Thomas Wahl und Heinz Kerner
Wenn die Sonne auf der Hakos-Gästefarm untergeht, schlägt für Menschen mit einem besonderen Faible das Herz vor Freude höher. Ihnen bietet sich am Himmel ein Anblick, von dem sie in Deutschland nur träumen können – die Rede ist von Sternenguckern.
Der Abend ist gerade eingebrochen. Und schon bewegt sich das Wellblechdach der Hakos eigenen Sternwarte. Gleich ist freie Sicht für die Teleskope der Gästefarm.
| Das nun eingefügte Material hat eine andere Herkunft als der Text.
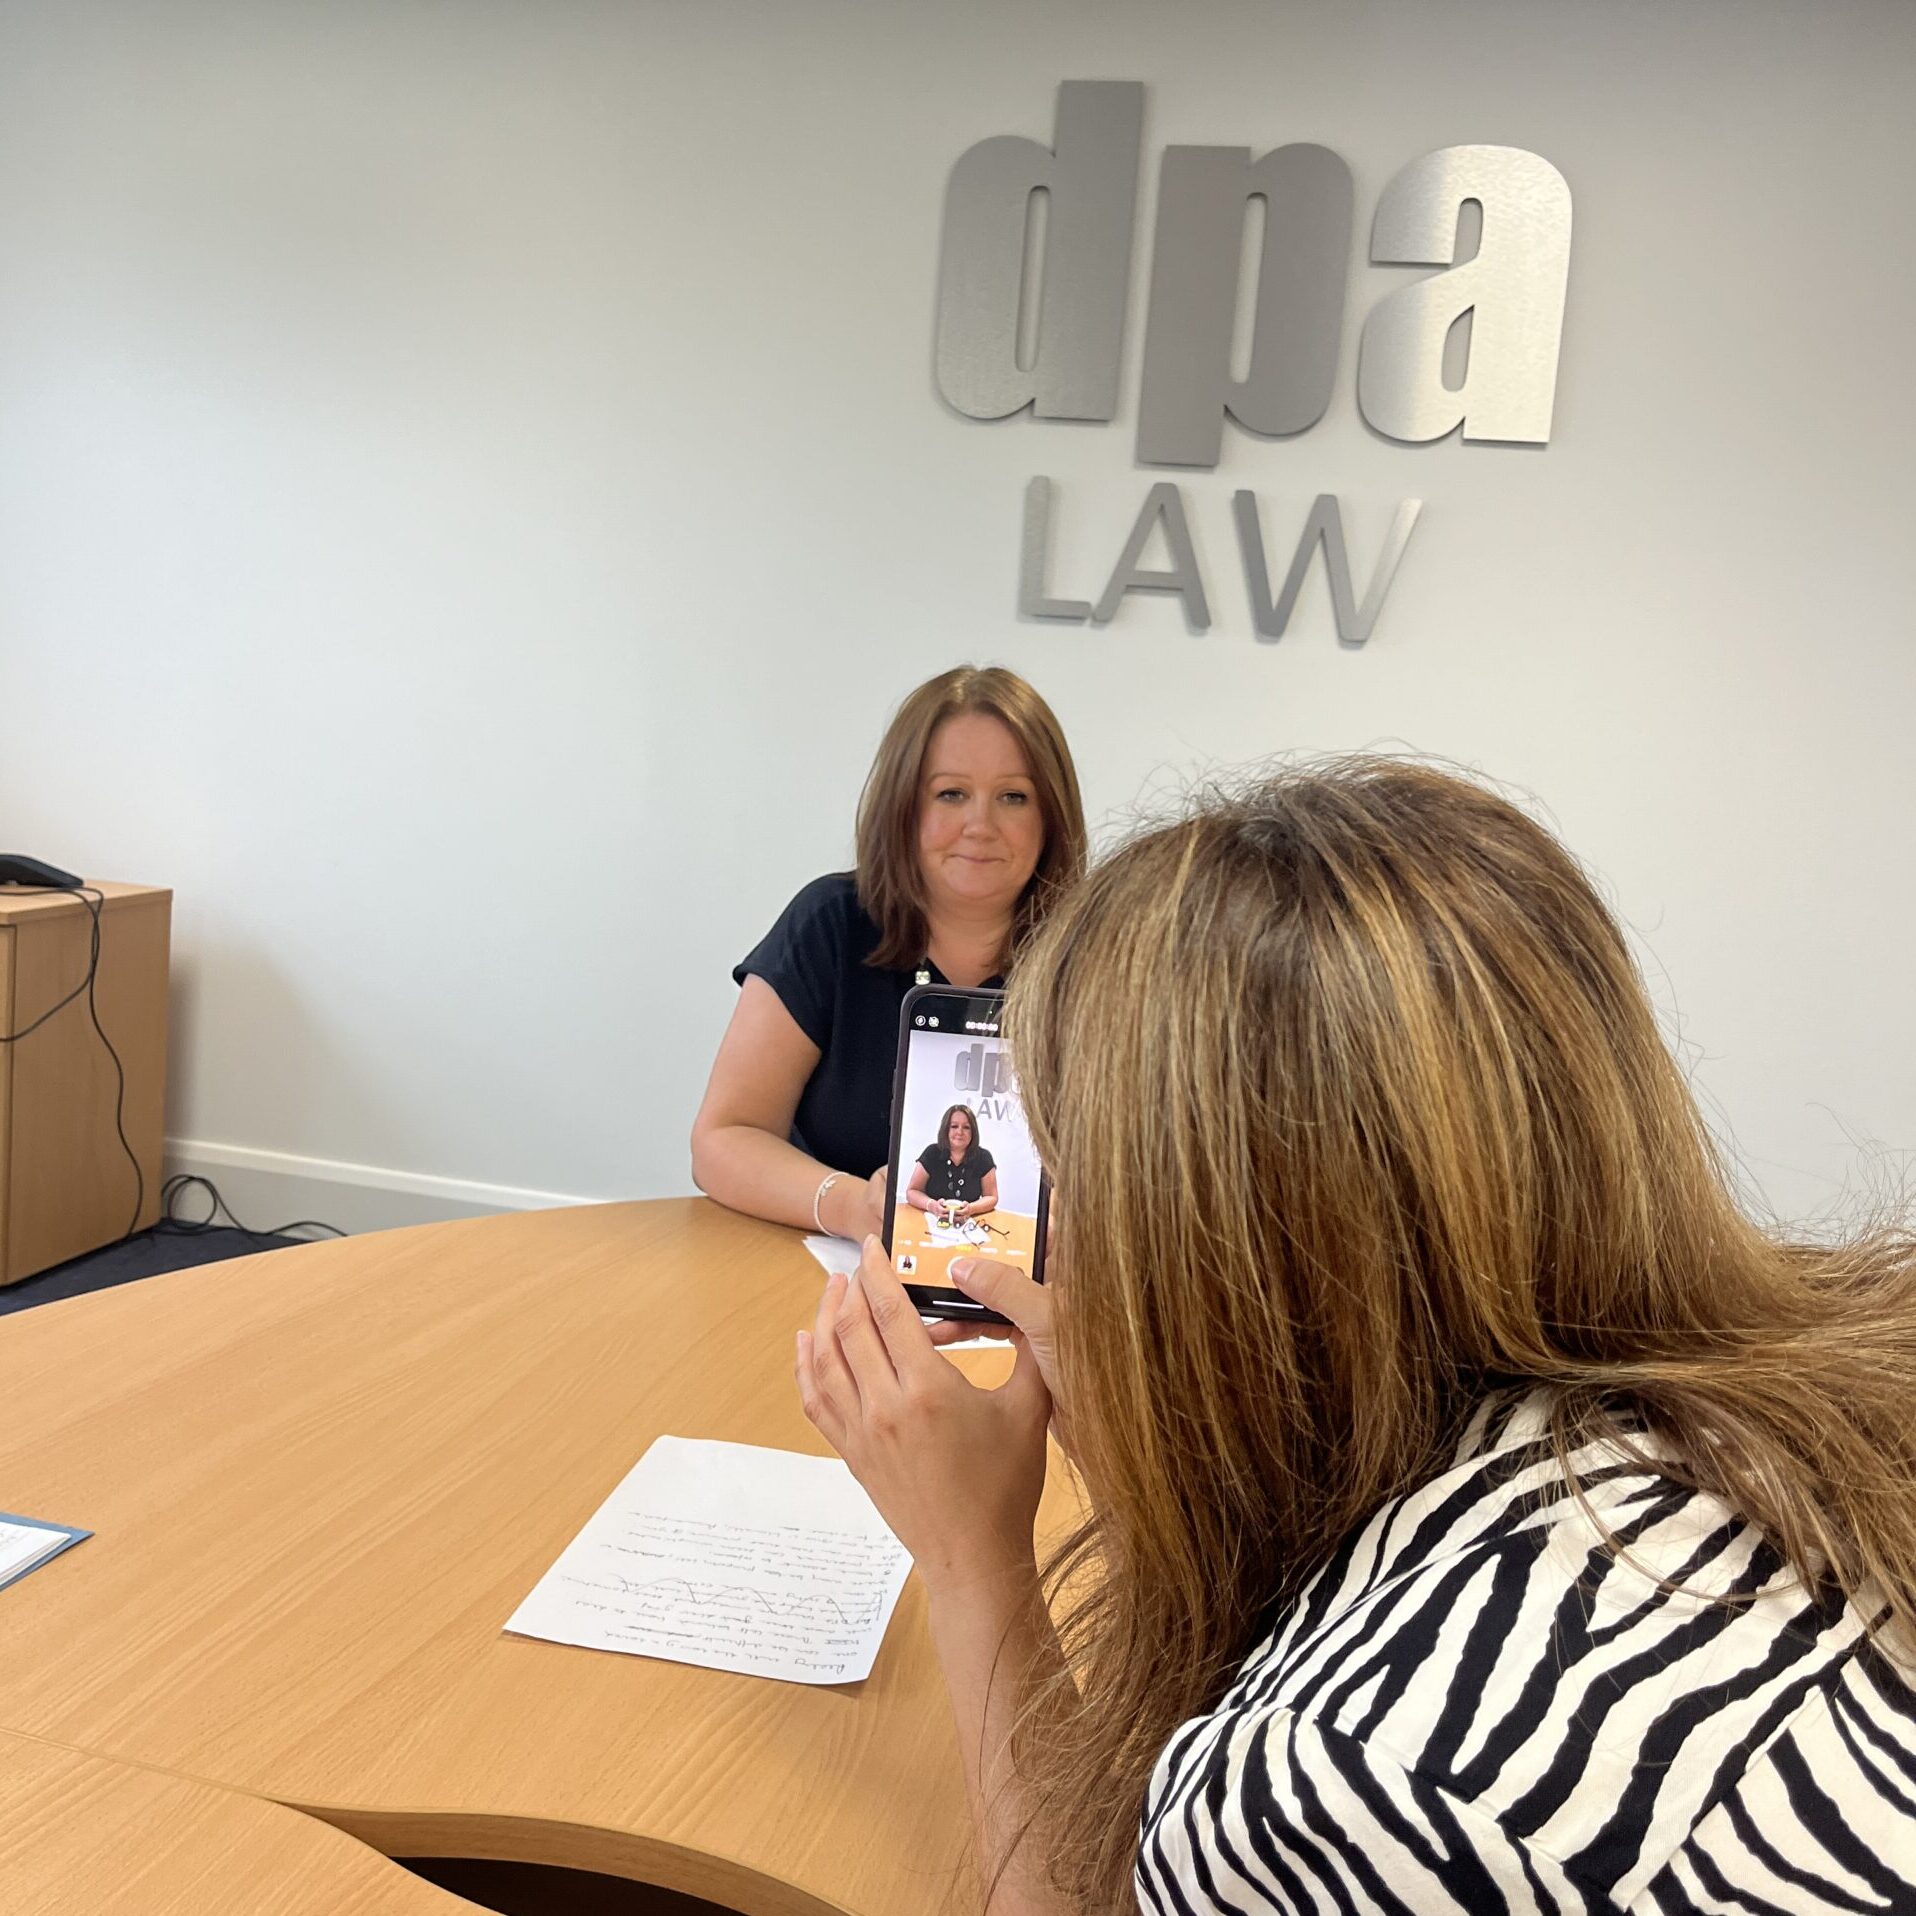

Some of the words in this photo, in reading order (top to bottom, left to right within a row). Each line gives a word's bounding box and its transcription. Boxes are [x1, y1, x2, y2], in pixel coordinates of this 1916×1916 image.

[935, 80, 1574, 467] dpa
[1018, 474, 1423, 645] LAW
[954, 1043, 1020, 1098] dp
Die Hobby-Astronomen Heinz Kerner und Thomas Wahl werden in dieser Nacht den begehrten Sternengucker-Platz besetzen. Die Touristen haben vorgesorgt und die Sternwarte gleich für ihren ganzen Urlaub gemietet. Hier oben auf 1832 Metern über dem Meeresspiegel und fernab von störenden Lichtquellen der Zivilisation, erhaschen sie einen einmaligen Blick auf die Welt der Sterne, Kometen und Planeten.
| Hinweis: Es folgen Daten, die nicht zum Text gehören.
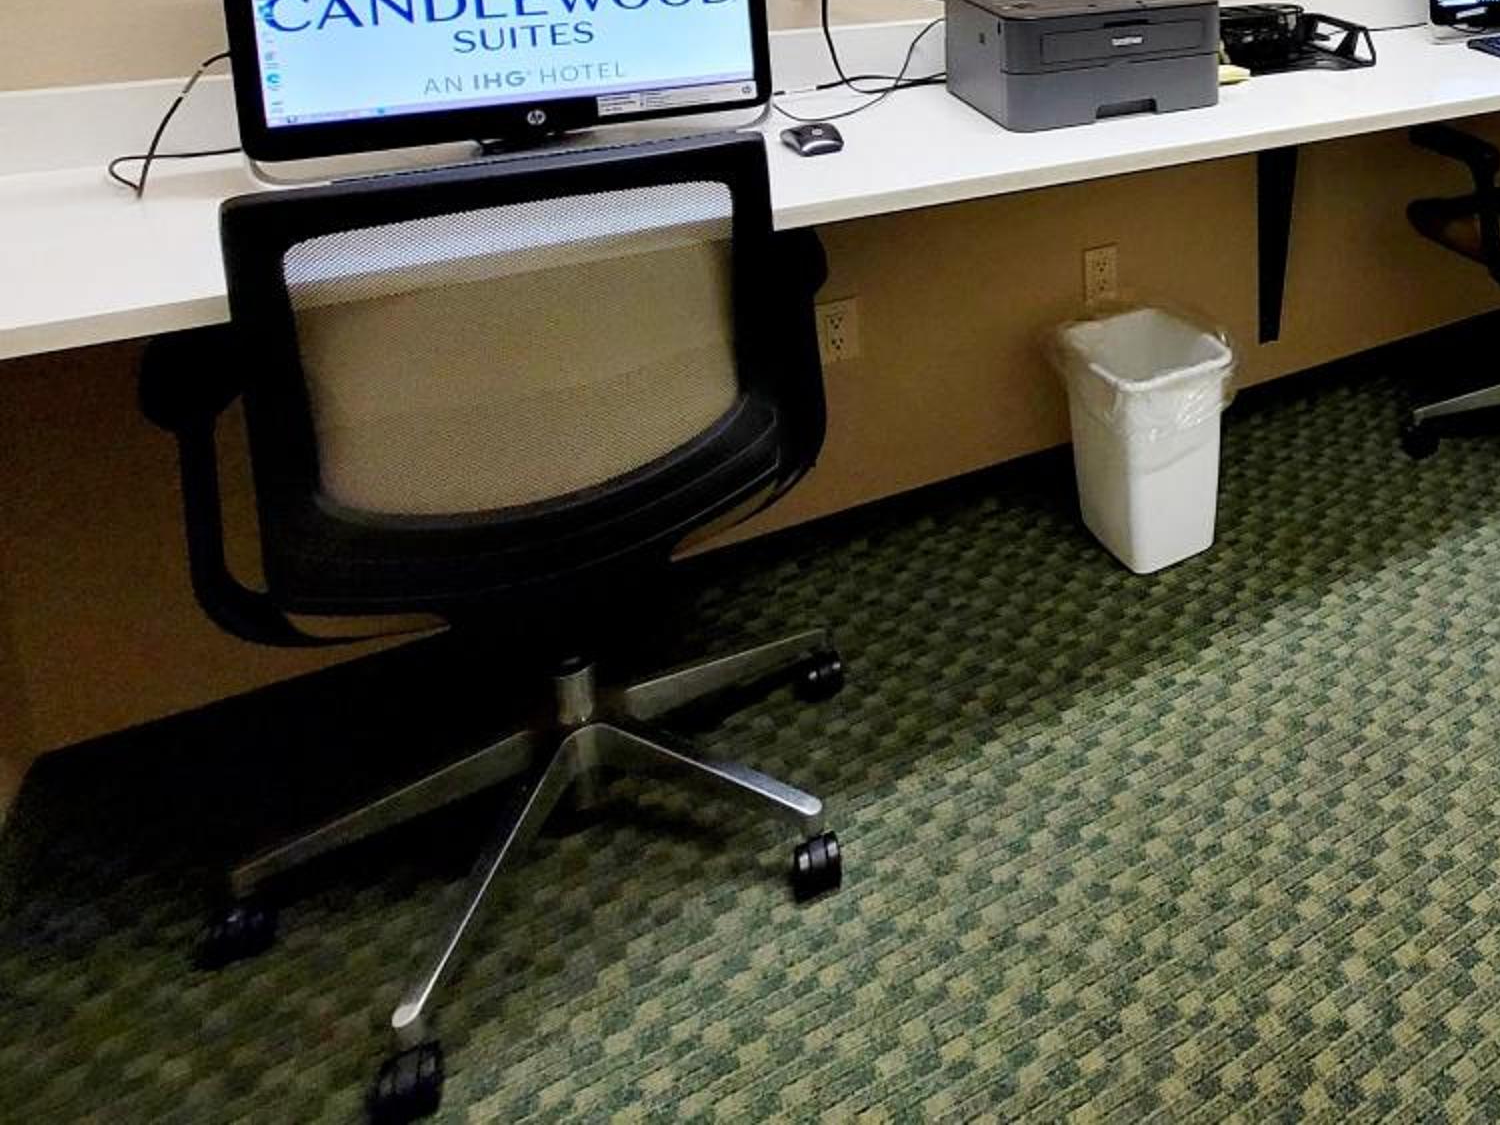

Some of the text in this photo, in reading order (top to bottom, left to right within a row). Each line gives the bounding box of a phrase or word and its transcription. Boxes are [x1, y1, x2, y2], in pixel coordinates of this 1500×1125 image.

[452, 21, 595, 54] SUITES
[422, 61, 628, 95] AN IHG HOTEL
Ein monotones Summen durchdringt die abendliche Stille. Die Geräusche kommen von einem Motor, der die Teleskope gemäß der Erdrotation nachführt – ansonsten würde man sein Ziel am Himmel schnell aus den Augen verlieren. Dort oben herrscht ständige Bewegung. Wenn das der Laie auch nur schwer erkennt – der Sternenhimmel verändert sich von Minute zu Minute.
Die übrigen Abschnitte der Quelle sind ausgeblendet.